* [Data under study]:
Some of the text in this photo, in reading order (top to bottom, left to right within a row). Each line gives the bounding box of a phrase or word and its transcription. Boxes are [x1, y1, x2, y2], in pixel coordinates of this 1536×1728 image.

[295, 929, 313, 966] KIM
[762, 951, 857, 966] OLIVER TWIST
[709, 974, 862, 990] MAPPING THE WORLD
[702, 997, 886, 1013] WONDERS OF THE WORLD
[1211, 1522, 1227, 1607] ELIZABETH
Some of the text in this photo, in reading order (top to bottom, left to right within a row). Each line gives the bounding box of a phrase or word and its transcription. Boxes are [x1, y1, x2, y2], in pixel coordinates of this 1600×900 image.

...

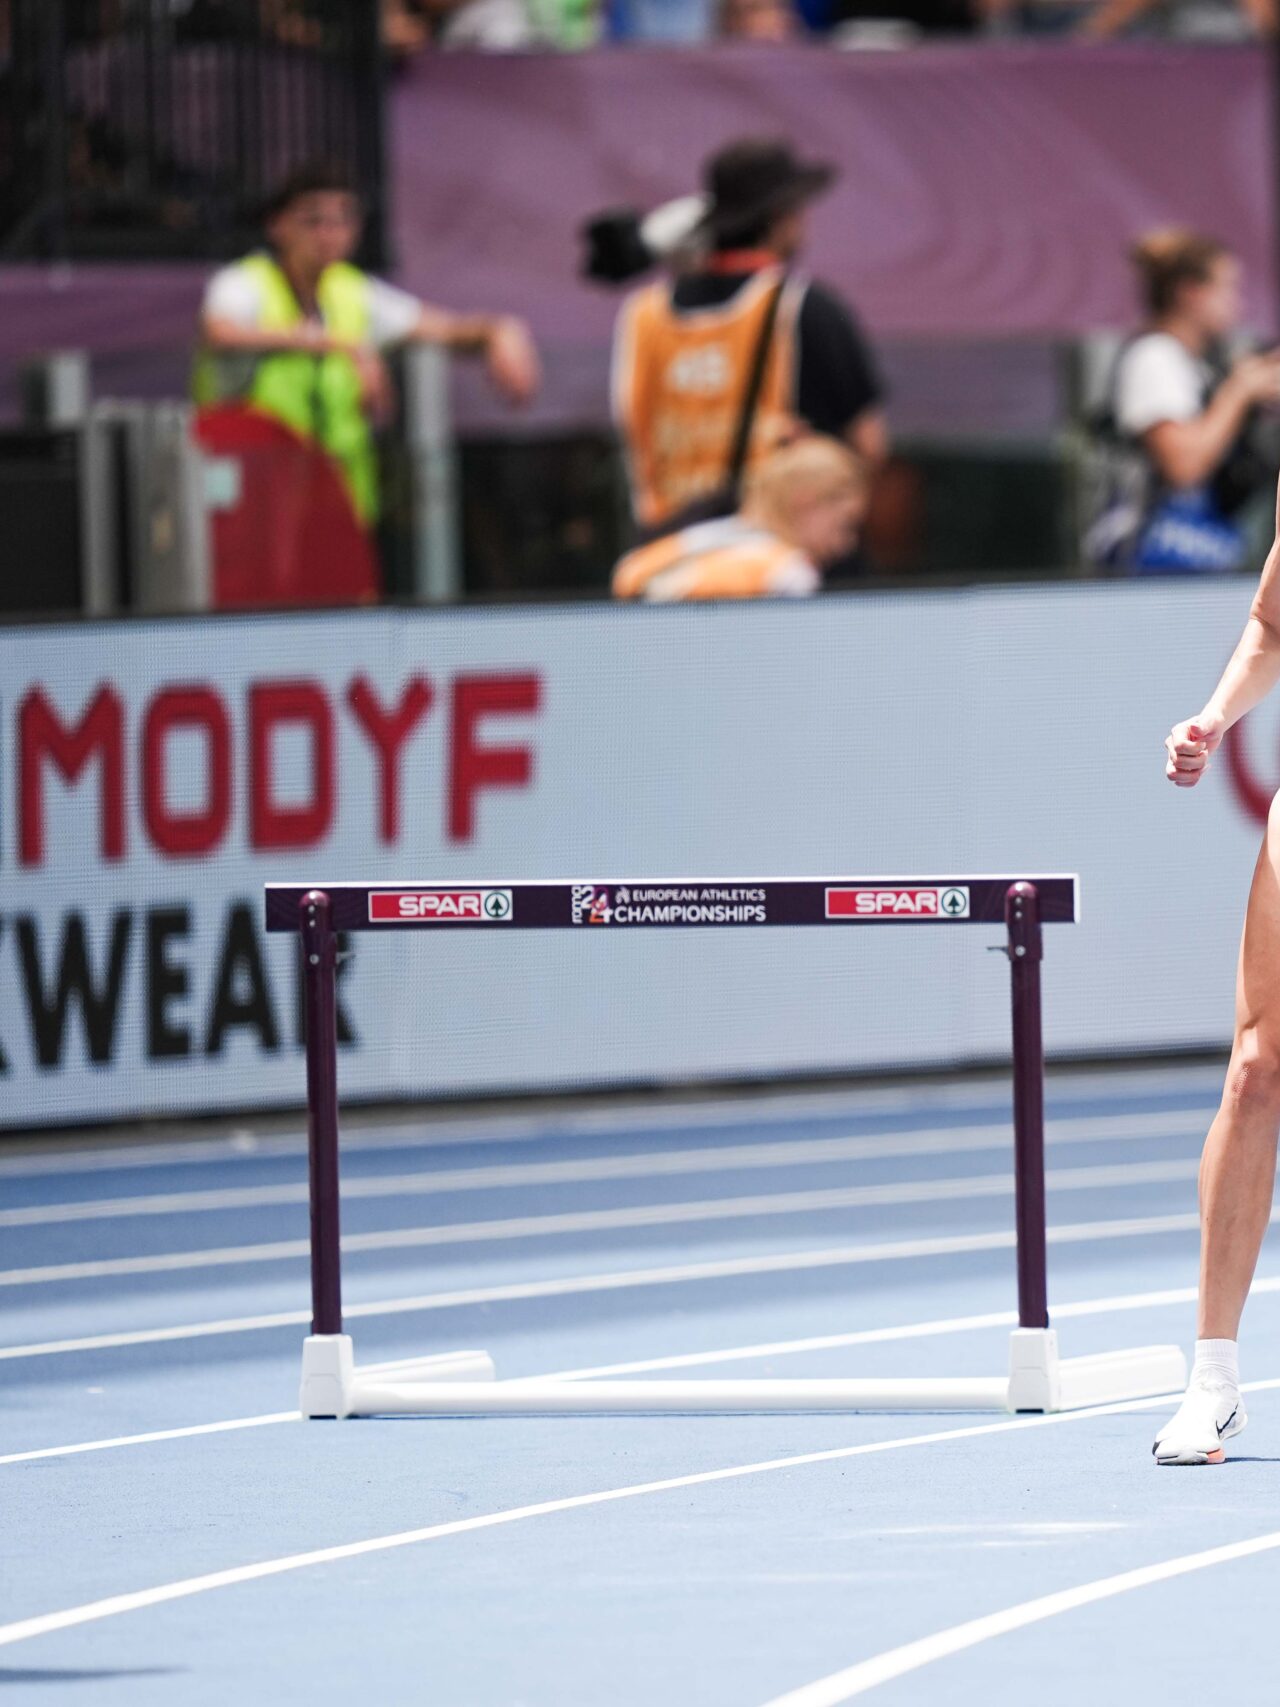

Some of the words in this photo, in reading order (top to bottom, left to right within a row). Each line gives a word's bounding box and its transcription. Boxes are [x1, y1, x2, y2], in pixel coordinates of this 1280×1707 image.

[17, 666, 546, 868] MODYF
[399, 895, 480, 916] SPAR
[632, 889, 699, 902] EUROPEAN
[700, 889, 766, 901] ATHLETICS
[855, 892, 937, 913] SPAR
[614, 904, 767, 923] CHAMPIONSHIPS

* [Your assignment]:
The line above containing "this 1536×1728 image.", the line containing "this 1600×900 image.", and every line between them are to be transcribed exactly; no other line is wanted.

* [Answer area]:
Some of the text in this photo, in reading order (top to bottom, left to right within a row). Each line gives the bounding box of a phrase or word and its transcription. Boxes are [x1, y1, x2, y2], in pixel coordinates of this 1536×1728 image.

[295, 929, 313, 966] KIM
[762, 951, 857, 966] OLIVER TWIST
[709, 974, 862, 990] MAPPING THE WORLD
[702, 997, 886, 1013] WONDERS OF THE WORLD
[1211, 1522, 1227, 1607] ELIZABETH
Some of the text in this photo, in reading order (top to bottom, left to right within a row). Each line gives the bounding box of a phrase or word and its transcription. Boxes are [x1, y1, x2, y2], in pixel coordinates of this 1600×900 image.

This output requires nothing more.